Co-evolution of artifacts in the MDE ecosystem has been tackled in several works, where specific solutions have been proposed depending on the type of artifact to be co-evolved. It has been studied the impact of metamodel evolution on models [8], transformations [12] and editors [9]. But, as far as we know, there are not works with an holistic and automatized view of the evolution. They are limited to an on-demand and manual co-evolution between pairs of artifacts. Using those evolution tools as building blocks, we are proposing a more ambitious approach where the co-evolution is reactive, automatic and parallelizable. Moreover, the process can be implemented with existing tools, integrating all the modeling tasks that are standalone.

The most basic premise in order to apply any kind of Continuous* practice is that all the artifact versions are committed to a Version Control System. VCSs [7, 14, 16], comparison [21] and merge tools [17] for models have been proposed.

There are also methodologies based on Ant to chain MDE operations [18] but they have not been proposed as part of a CD process.

Papers studying the synergies between CD and MDE for specific domains have also been presented. In [3], authors provide a model-based approach to generate TOSCA blueprints (that supports the definition of deployments as code), allowing the quick (re) deployments of cloud applications. Also in the domain of cloud computing, [20] proposes a model-driven approach to abstract and automate a continuous delivery process of cloud resources. This is done with a tool that uses a Domain Specific Language (DSL) to model the cloud infrastructure and a transformation that from that model creates scripts to manage different Configuration Management Tools. Similarly, in [10], a developer team can specify a model of the deployment of its application and automatically enact it in a test environment. Finally, in [13], authors present a prototype that uses a model-driven generator combined with CI server. They report on an empirical evaluation that shows the benefits of using MDE in combination with a CI server.

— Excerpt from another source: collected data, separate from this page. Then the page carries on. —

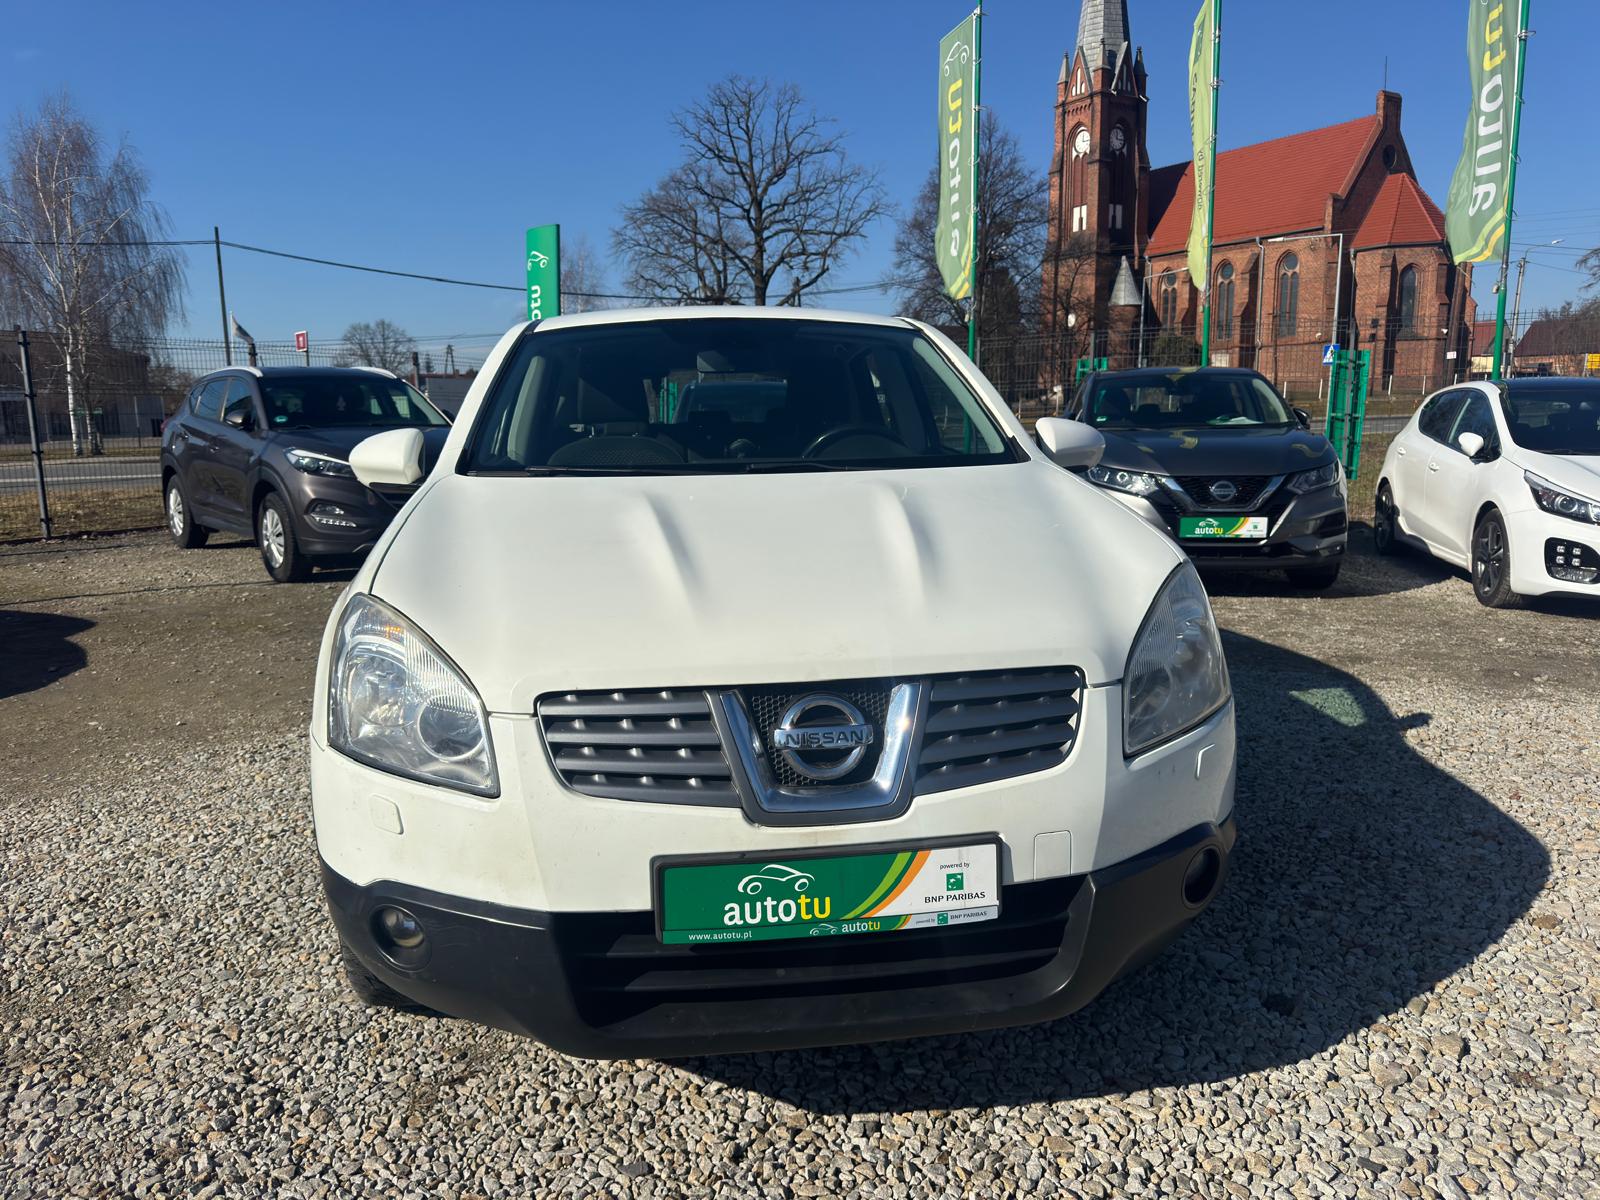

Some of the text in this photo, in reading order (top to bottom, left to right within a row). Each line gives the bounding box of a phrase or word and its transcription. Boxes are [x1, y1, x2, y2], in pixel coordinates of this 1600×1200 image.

[1195, 526, 1223, 535] autotu
[786, 729, 864, 746] NISSAN
[940, 862, 963, 870] powered
[924, 891, 986, 903] BNP PARIBAS
[723, 894, 831, 926] autotu
[842, 920, 881, 933] autotu
[688, 931, 752, 941] www.autotu.pl

Complementary to these approaches, our work provides a more generic solution and studies the benefits of using CD processes and tools in the maintainability of MDE infrastructures themselves.

6 Conclusions and Future Research Directions

We have sketched the integration of MDE artifacts as first-class citizens in continuous software engineering, ranging from a direct use of current integration platforms to advanced coevolution scenarios, depending on the needs of the project and the role MDE plays in it. This benefits developers of both software artifacts (that can benefit from MDE) and MDE artifacts (that can benefit from CSE in their work).

Nevertheless, to achieve a complete and smooth support for MDE in CSE, we need to extend the state of the art in several directions. First, MDE technologies themselves need to become more mature. While some (e.g. model transformations) are reliable and ready-to-use in complex industrial scenarios, others (e.g. model merging) require more work to provide automatic solutions and/or professional tools. Secondly, CI components should be model-aware, providing default support for some model management operations (like model comparison for well-known types of models, e.g. UML class diagrams) or at least standard extension points to provide that. Finally, brand new research proposals should target some of the co-evolution scenarios and smarter dependency and impact analysis algorithms that have not been addressed so far and that would enable a better CSE automation for MDE projects.

We hope to see progress in these directions in the coming years.